Gary proceeds to explain that Elvis was responsible for a previous switchboard operator, Lauren, taking her own life due to Elvis's attitude and crude jokes towards her. Gary gets Elvis to admit on the air that he has slept with Mary. He then tells him to go up on the roof and jump. Dylan, Mary, and studio worker Steven follow. Dylan tries to trick Gary into believing that Elvis has jumped off the roof, but a drone outside is recording everything. Elvis then hears two gunshots go off and assumes his family is dead.

On his way out of the studio, Gary's voice comes over the speakers and says that his family is still alive and somewhere in the building with him. Elvis then realizes that Gary has been in the studio the whole time and sent him on a wild goose chase so he would have time to kill the security guard at the front, hide in the building, and rig the whole place to explode. Gary says that Elvis has 40 minutes to find him before everyone dies. Elvis and Dylan make their way through the building and try to find Gary, Olivia, and Adria. Along the way, they run into Tony, an old friend of Elvis who has been secretly stealing computers from the building. Gary orders Elvis to kill him, but he lets him go, and they move on.

When they are led to a false hiding place, Gary reveals that he can see them through the security cameras. Elvis leads Dylan, via a route without security cameras, to the control room where they find not Gary but Justin — a host with the time slot that Elvis wants — with a bullet in his head. Gary then reveals that he is now in the recording studio with a restrained Mary and Steven. After successfully earning ten more minutes on the clock, Elvis and Dylan make their way back to the studio via another secret route. When they reach upstairs, they see Tony hanging by the neck in the hallway.

Elvis is able to apprehend Gary with a box cutter, but Gary reveals that he is holding a dead man's switch and that Olivia and Adria are on the terrace with bomb vests strapped to their bodies.
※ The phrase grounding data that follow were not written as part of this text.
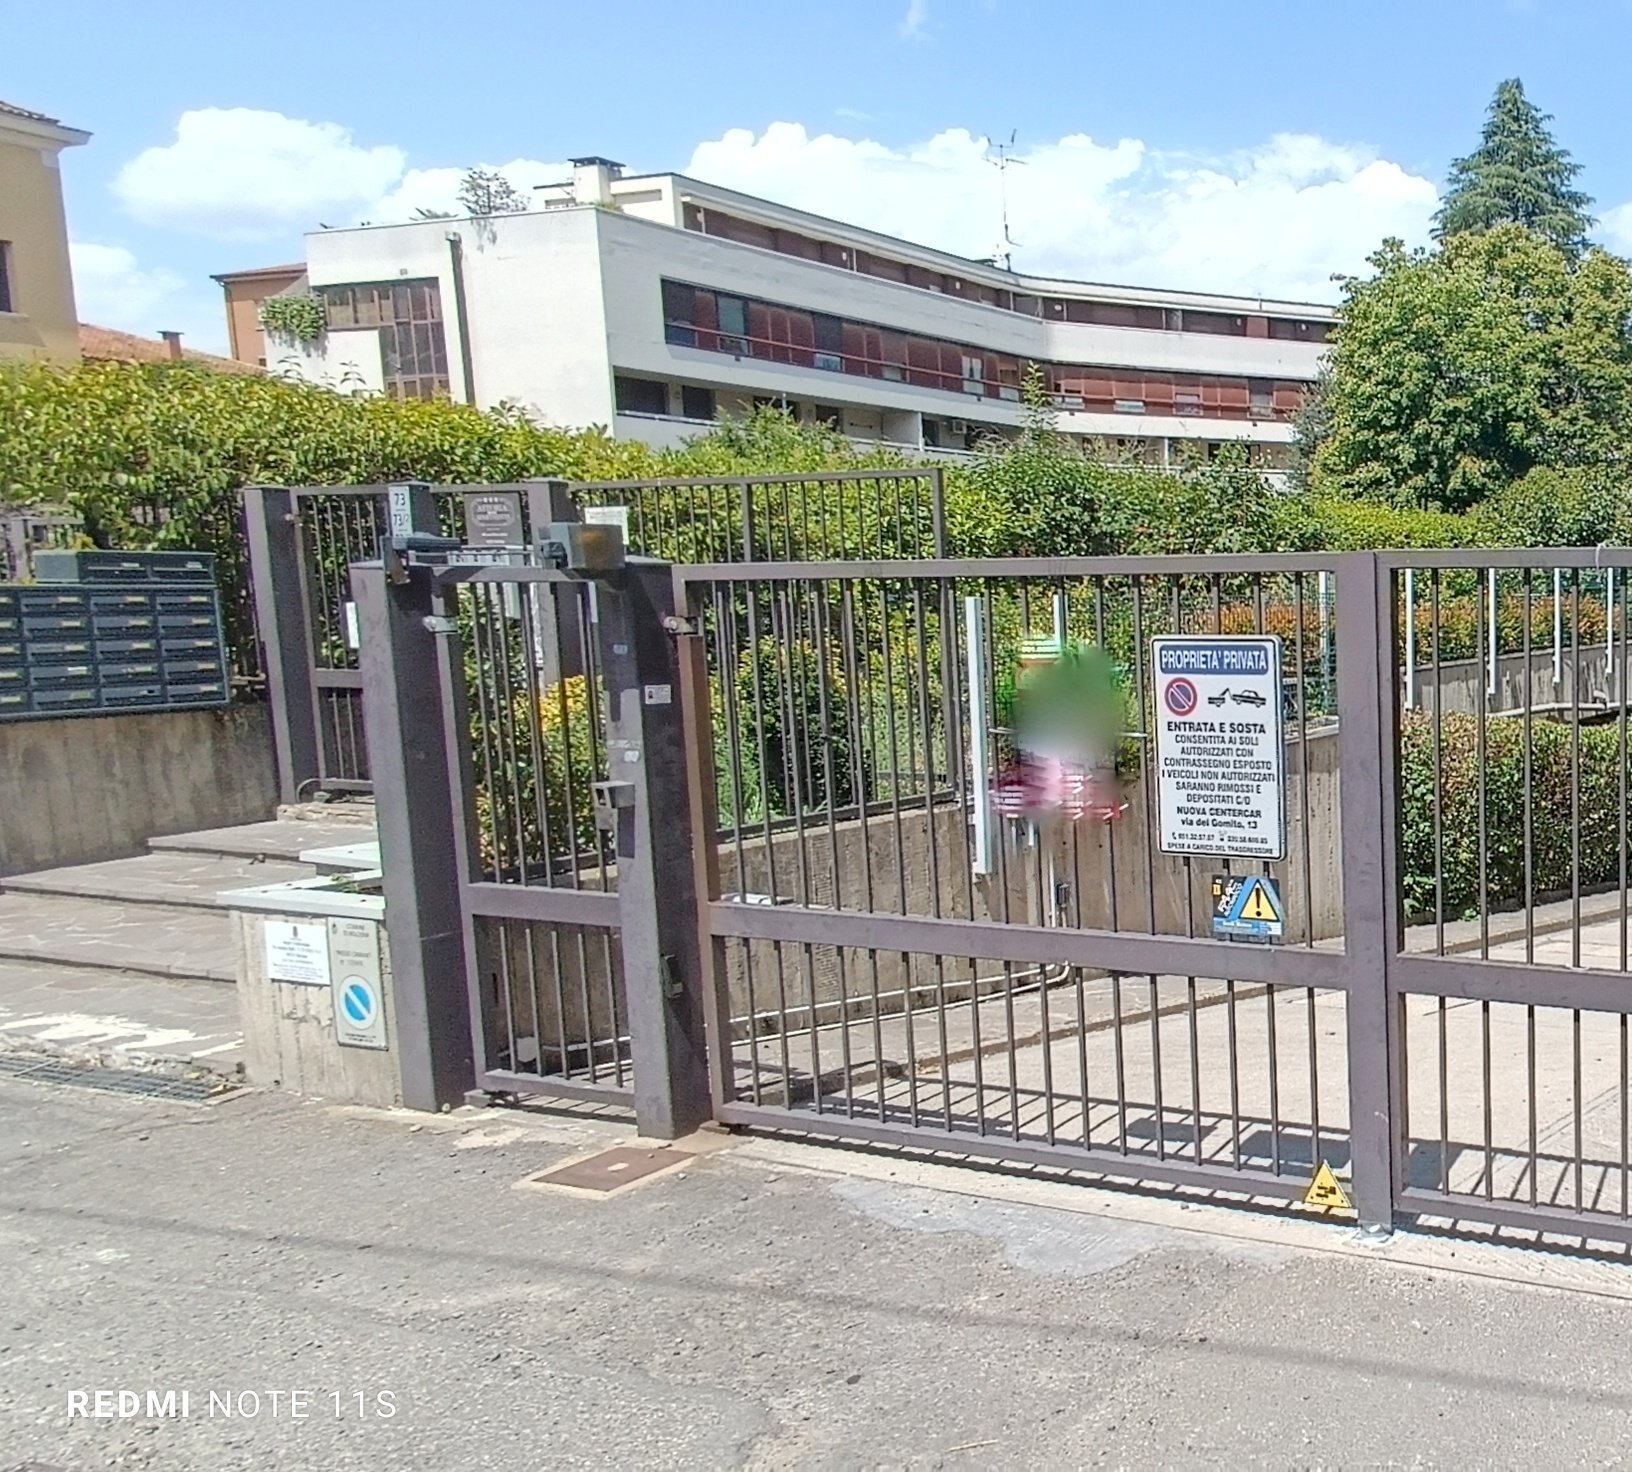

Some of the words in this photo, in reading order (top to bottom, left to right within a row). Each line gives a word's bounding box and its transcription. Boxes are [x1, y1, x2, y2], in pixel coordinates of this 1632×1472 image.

[394, 492, 406, 506] 73
[1161, 649, 1221, 669] PROPRIETA'
[1223, 650, 1267, 670] PRIVATA
[1167, 721, 1216, 733] ENTRATA
[1219, 722, 1226, 733] E
[1229, 723, 1266, 735] SOSTA
[1175, 734, 1226, 745] CONSENTITA
[1228, 735, 1237, 745] AI
[1239, 736, 1259, 746] SOLI
[1180, 746, 1234, 757] AUTORIZZATI
[1236, 748, 1254, 757] CON
[1164, 757, 1231, 769] CONTRASSEGNO
[1233, 760, 1272, 771] ESPOSTO
[1161, 769, 1165, 778] I
[1167, 769, 1199, 780] VEICOLI
[1200, 770, 1219, 780] NON
[1221, 771, 1275, 783] AUTORIZZATI
[1175, 781, 1215, 792] SARANNO
[1217, 783, 1254, 794] RIMOSSI
[1256, 784, 1262, 794] E
[1186, 793, 1234, 805] DEPOSITATI
[1176, 806, 1207, 816] NUOVA
[1209, 808, 1262, 818] CENTERCAR
Gary then receives a call from Bruce, a member of the LAPD SWAT team, who says he is on the terrace and unable to disarm the devices. Gary then demands a trade: Olivia and Adria go free, and Dylan takes their place.

Forced to comply, Bruce deactivates the vests with Gary's help and brings them down to the studio, reactivating them on Dylan. Gary then shoots Bruce in the head and drops the dead man's switch as everyone looks on in horror only to have nothing happen.
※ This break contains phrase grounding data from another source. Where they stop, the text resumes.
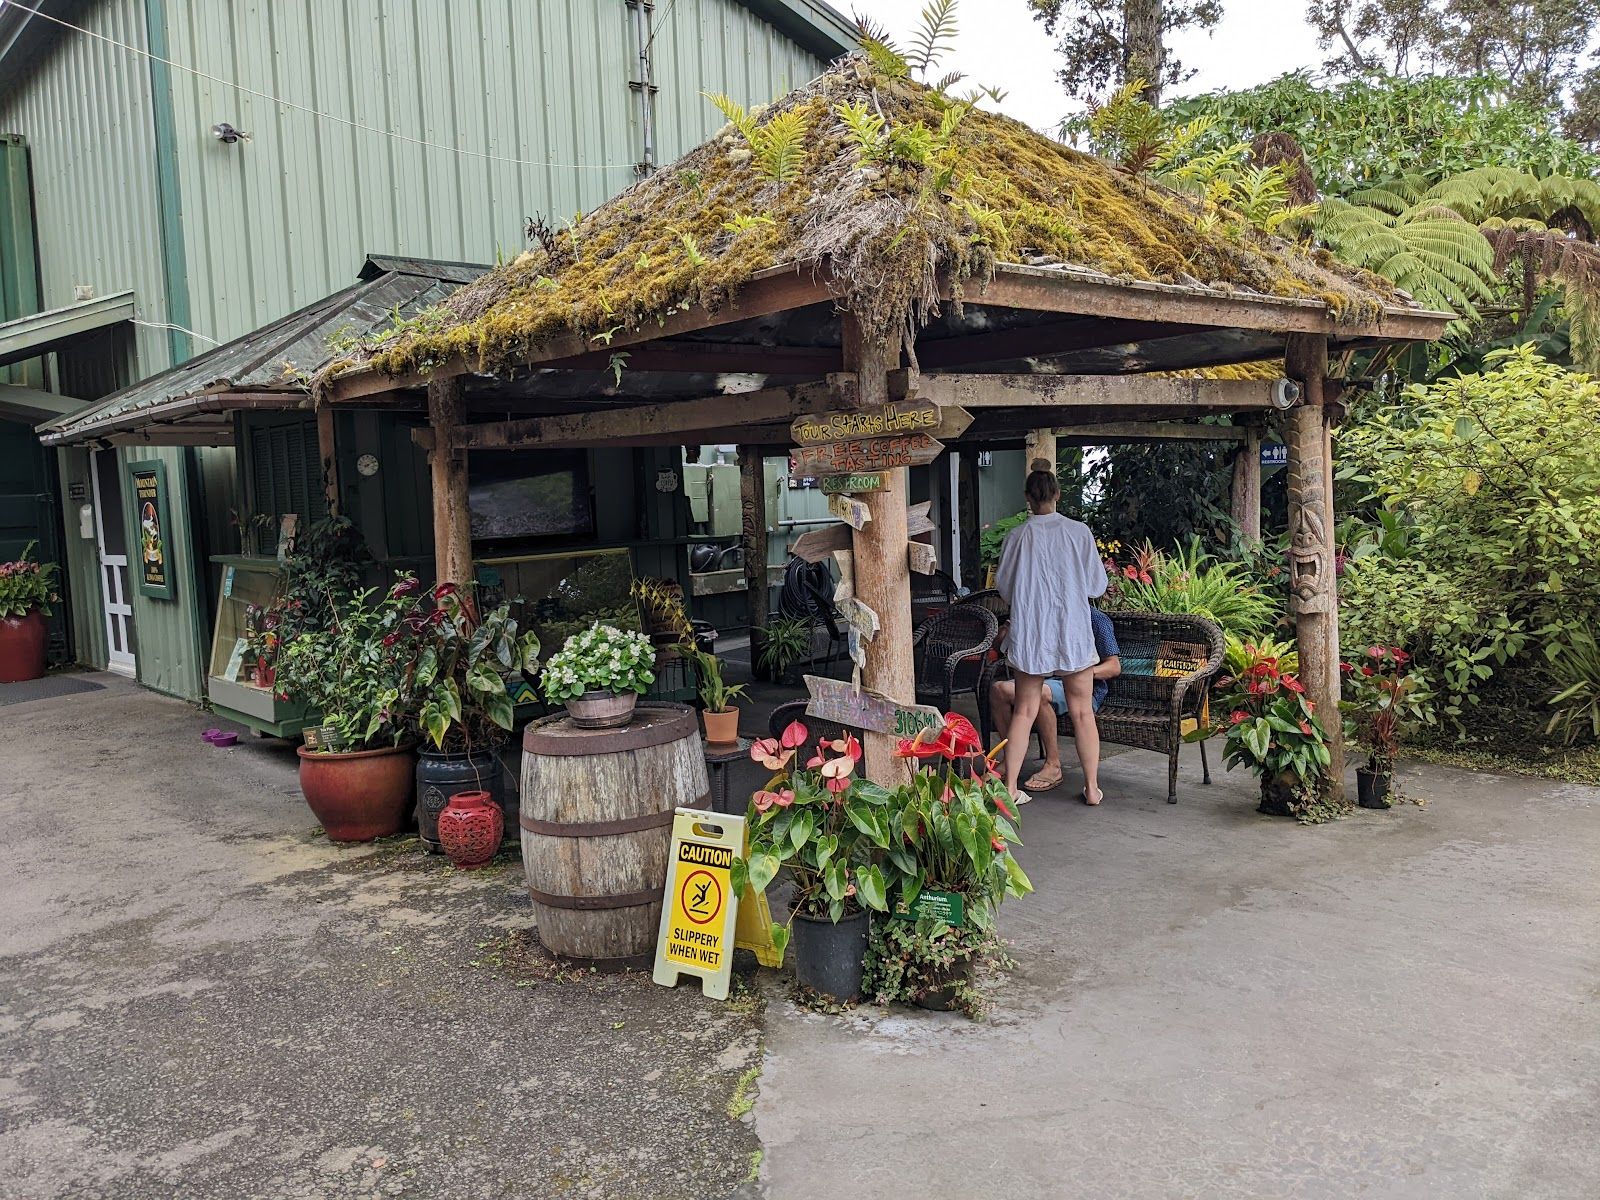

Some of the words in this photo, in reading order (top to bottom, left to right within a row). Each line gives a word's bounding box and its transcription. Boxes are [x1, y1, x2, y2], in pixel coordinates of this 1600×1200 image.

[793, 421, 831, 441] TOUR
[884, 404, 936, 432] HERE
[802, 441, 862, 465] FREE
[869, 435, 933, 453] COFFEE
[831, 451, 912, 472] TASTING
[823, 476, 880, 491] RESTROOM
[1163, 659, 1199, 671] CAUTION
[680, 844, 731, 868] CAUTION
[673, 927, 719, 948] SLIPPERY
[669, 942, 697, 960] WHEN
[699, 948, 720, 965] WET
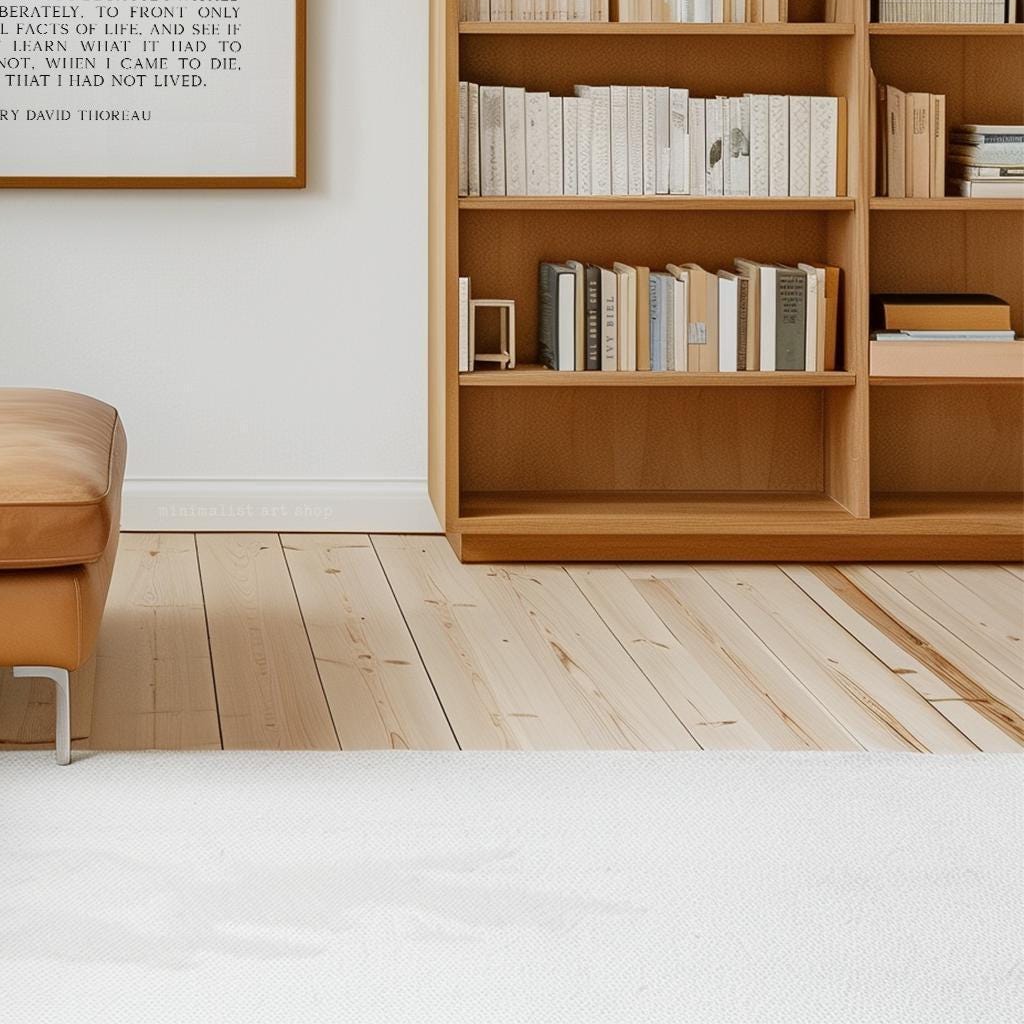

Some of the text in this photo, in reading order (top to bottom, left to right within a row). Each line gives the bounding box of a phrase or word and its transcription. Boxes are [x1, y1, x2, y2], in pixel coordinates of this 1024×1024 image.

[95, 5, 119, 18] TO
[129, 5, 187, 18] FRONT
[197, 5, 240, 18] ONLY
[16, 23, 70, 36] FACTS
[75, 23, 98, 36] OF
[149, 23, 185, 36] AND
[192, 23, 220, 36] SEE
[227, 23, 242, 36] IF
[13, 40, 67, 53] LEARN
[79, 40, 131, 53] WHAT
[143, 40, 160, 53] IT
[171, 40, 207, 53] HAD
[218, 40, 242, 53] TO
[44, 57, 96, 70] WHEN
[106, 57, 110, 70] I
[120, 57, 168, 70] CAME
[177, 57, 201, 70] TO
[4, 74, 51, 87] THAT
[57, 74, 62, 87] I
[68, 74, 105, 87] HAD
[111, 74, 148, 87] NOT
[154, 74, 207, 87] LIVED.
[26, 109, 72, 121] DAVID
[77, 109, 152, 121] THOREAU
[589, 281, 598, 361] ALL ABOUT CATS
[606, 296, 614, 359] IVY BIEL
Elvis and Gary then burst out laughing and embracing as everyone thought to be dead re-emerges, alive and well. It is then revealed that the whole situation was a prank played by the whole studio on Dylan, who appears shocked and horrified. After Elvis explains everything, he tries to get a reaction from Dylan, who leaves in silence. Elvis and his crew chase him out the door, holding the mic out to him, and Dylan falls backward down the stairs, cracking his head open and seemingly dying on impact.
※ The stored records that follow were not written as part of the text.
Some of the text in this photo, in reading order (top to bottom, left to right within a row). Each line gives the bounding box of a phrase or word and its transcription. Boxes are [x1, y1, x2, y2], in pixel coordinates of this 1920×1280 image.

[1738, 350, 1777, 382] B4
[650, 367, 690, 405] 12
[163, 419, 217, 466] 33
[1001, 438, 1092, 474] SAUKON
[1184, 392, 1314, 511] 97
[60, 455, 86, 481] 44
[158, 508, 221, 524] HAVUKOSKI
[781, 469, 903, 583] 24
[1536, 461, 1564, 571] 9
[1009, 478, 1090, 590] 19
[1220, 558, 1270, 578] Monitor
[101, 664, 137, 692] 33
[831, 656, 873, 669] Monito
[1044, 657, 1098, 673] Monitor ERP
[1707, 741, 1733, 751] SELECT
The next morning, a distraught Elvis exits the studio and swears that he is done with radio. It is then revealed that Dylan, whose real name is Max, is a stunt worker and faked his own death as part of a prank by the whole radio station whose one and only real victim appears to be Elvis, in order to celebrate his birthday, which he claimed everyone forgot. Elvis is glad to see Dylan/Max alive, and he jokingly tells his co-workers to watch out, because his revenge prank will be far worse.

==Production==
Filming began in Paris, France on June 9, 2021.

==Release==
In May 2022, it was announced that Saban Films acquired American rights to the film, which was released in November 2022.